The latest Peugeot 208 is one of the best small cars on the market and has won various awards, including the coveted 2020 European Car of the Year title.

Offered with both conventional petrol and diesel engines and as a 100% electric vehicle, it’s a fine blend of style, technology, economy and build quality.

We tested the 208 in GT spec, which is very well equipped, coming in just below the range-topping GT Premium.

As standard, it’s equipped with 17-inch alloy wheels, black wheel arch extensions and window surrounds, a blacked-out front grille and full LED headlights with Smartbeam.

Other features include a large 10-inch infotainment touchscreen with connected sat nav and TomTom Live traffic updates, a height-adjustable passenger seat, interior ambient lighting, blind-spot monitoring and a 180-degree reversing camera,

Priced from £24,810 and powered by the most powerful version of Peugeot’s eager 1.2-litre turbo petrol engine (129bhp), our car came in eye-catching Faro Yellow.
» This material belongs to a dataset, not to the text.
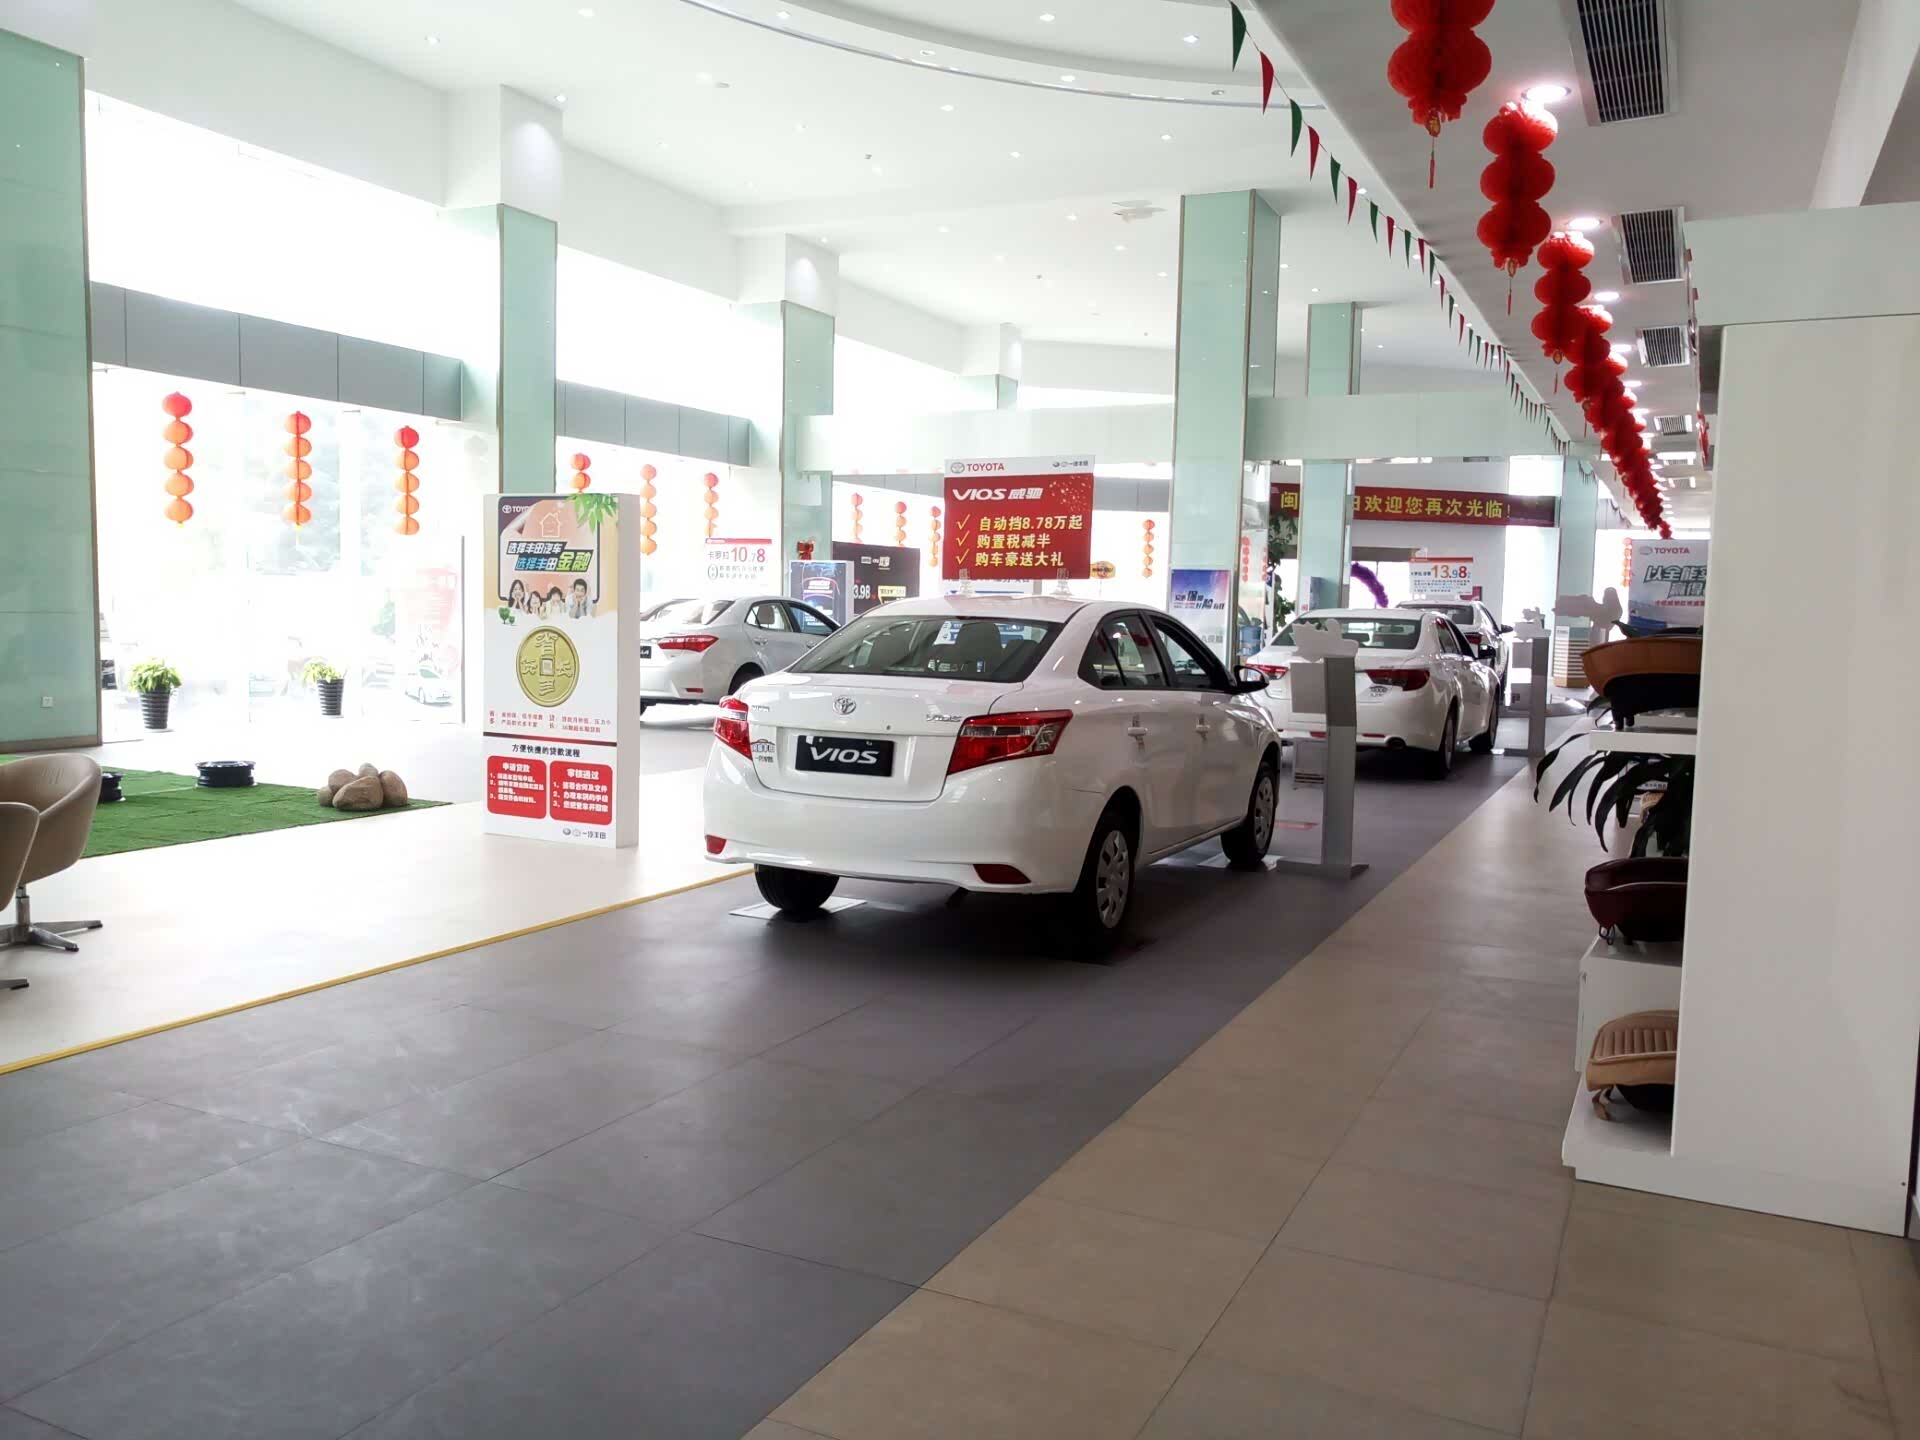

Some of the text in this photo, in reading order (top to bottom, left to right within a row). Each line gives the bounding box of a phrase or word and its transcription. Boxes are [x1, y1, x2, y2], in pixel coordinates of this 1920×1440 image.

Driven through the front wheels via an eight-speed automatic gearbox, it can complete the 0-62mph dash in 8.7 seconds and tops out at 129mph. Fuel economy is up to 51.9mpg and CO2 emissions are 122g/km.

Needless to say, the 208 GT cuts a dash, while the distinctive lion light signature it shares with its siblings never ceases to impress (tooth design at the front and claw effect at the rear).

Inside, there’s a premium feel with the digital delight that is the 3D i-Cockpit taking centre stage. However, if you’re new to Peugeot’s range, it’s the small steering wheel/high-mounted dials combo that will catch your eye. You will get used to it. Promise.

The 208 GT is fun to drive, though more of a warm than hot hatch. Its thrummy three-cylinder is punchy, even more so if you switch from Eco or Normal mode to Sport, which sharpens up performance.

It’s light and nimble, and though it’s not blessed with class-leading handling, it copes well on more challenging country roads and body roll is kept in check. The ride is comfortable and the sports seats are supportive, while the cabin is generally refined.

The steering is accurate, there’s plenty of grip and it feels planted on the motorway, while the eight-speed auto box is slick – perfect for stop-start traffic in town.

However, the 208 only scores average points for practicality. It’s fine up front, but space for rear passengers is more limited and luggage capacity is 311 litres (expanding to 1,106 litres when the backs sets are flipped).

Verdict: Handsome, well equipped and fun to drive, the Peugeot 208 GT is a sporty supermini with a touch of class. Just don’t expect a GTI.